# Material for this task
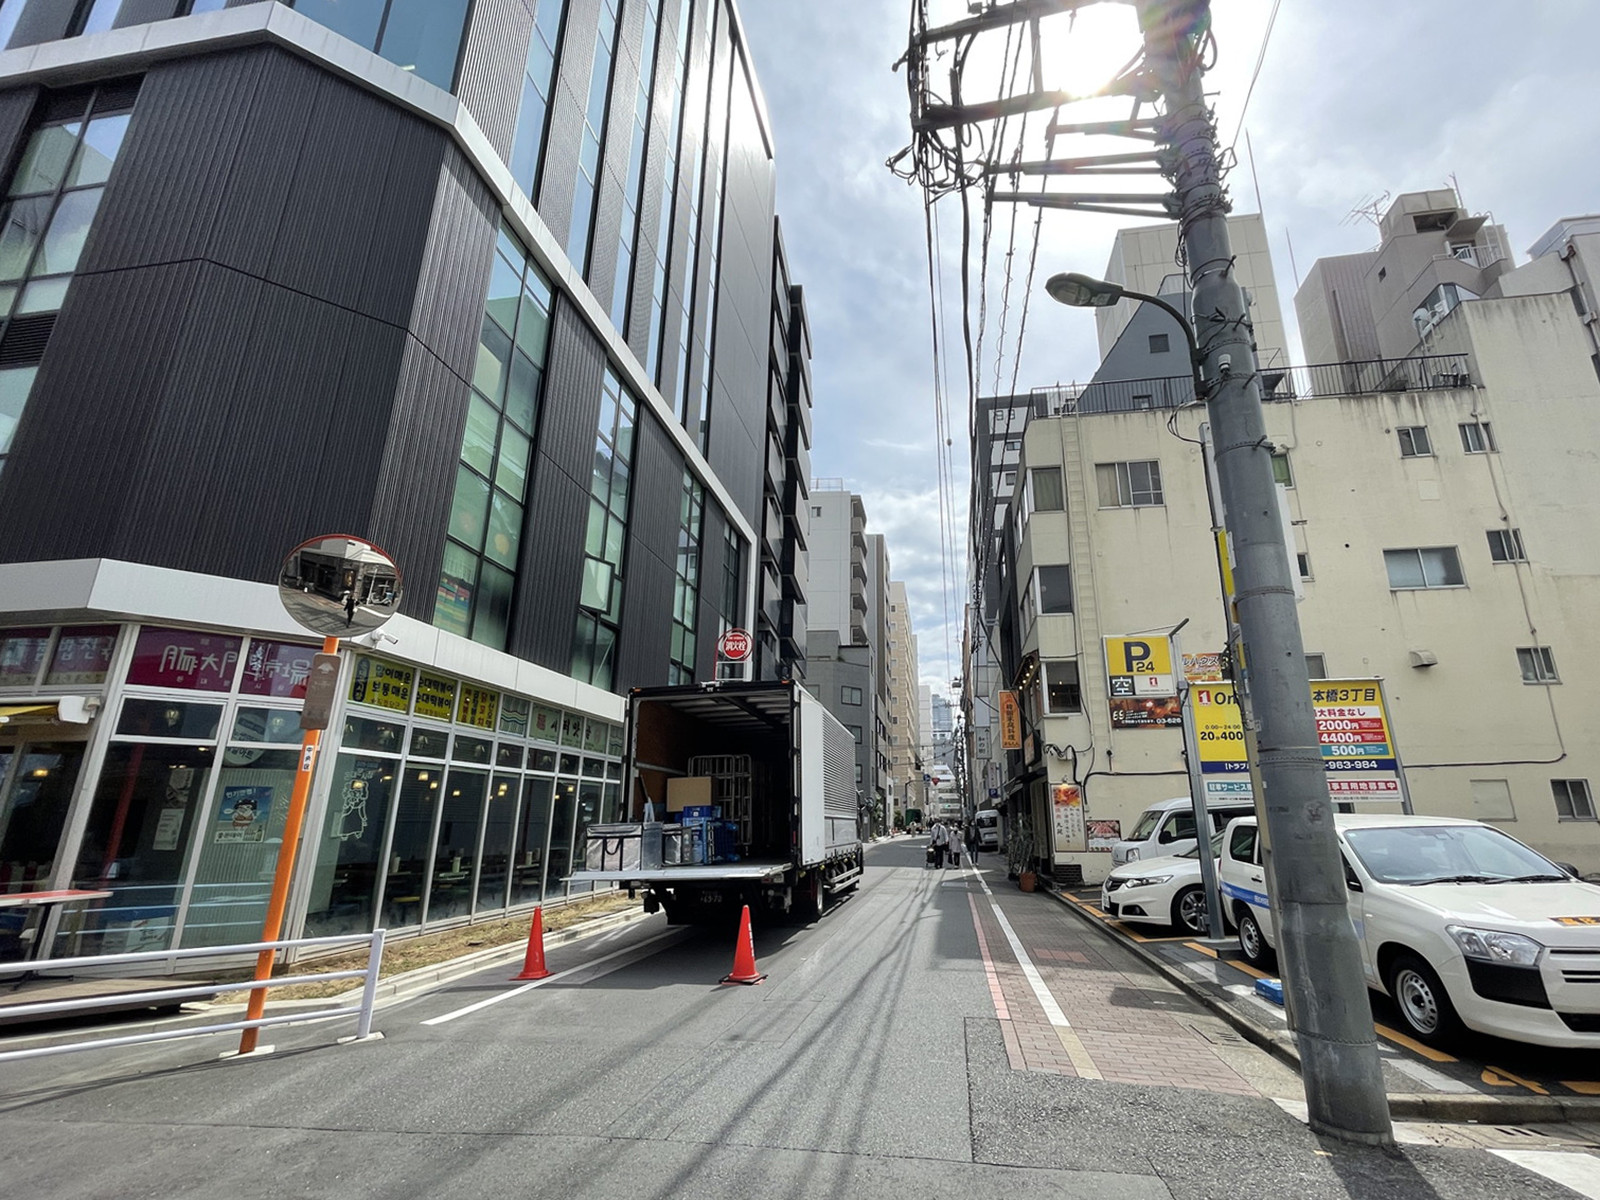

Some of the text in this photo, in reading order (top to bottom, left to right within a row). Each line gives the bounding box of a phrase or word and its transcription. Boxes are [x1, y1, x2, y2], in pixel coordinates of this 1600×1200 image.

[726, 641, 746, 651] 消火栓
[1124, 641, 1151, 672] P
[1136, 661, 1155, 672] 24
[1112, 676, 1133, 695] 空
[1313, 708, 1366, 717] 大料金なし
[1319, 720, 1359, 730] 2000円
[1321, 732, 1362, 742] 4400円
[1331, 745, 1365, 755] 500円

# To do
Return the material verbatim; the images are not to appear in the copy.

# Solution for this exercise
Some of the text in this photo, in reading order (top to bottom, left to right within a row). Each line gives the bounding box of a phrase or word and its transcription. Boxes are [x1, y1, x2, y2], in pixel coordinates of this 1600×1200 image.

[726, 641, 746, 651] 消火栓
[1124, 641, 1151, 672] P
[1136, 661, 1155, 672] 24
[1112, 676, 1133, 695] 空
[1313, 708, 1366, 717] 大料金なし
[1319, 720, 1359, 730] 2000円
[1321, 732, 1362, 742] 4400円
[1331, 745, 1365, 755] 500円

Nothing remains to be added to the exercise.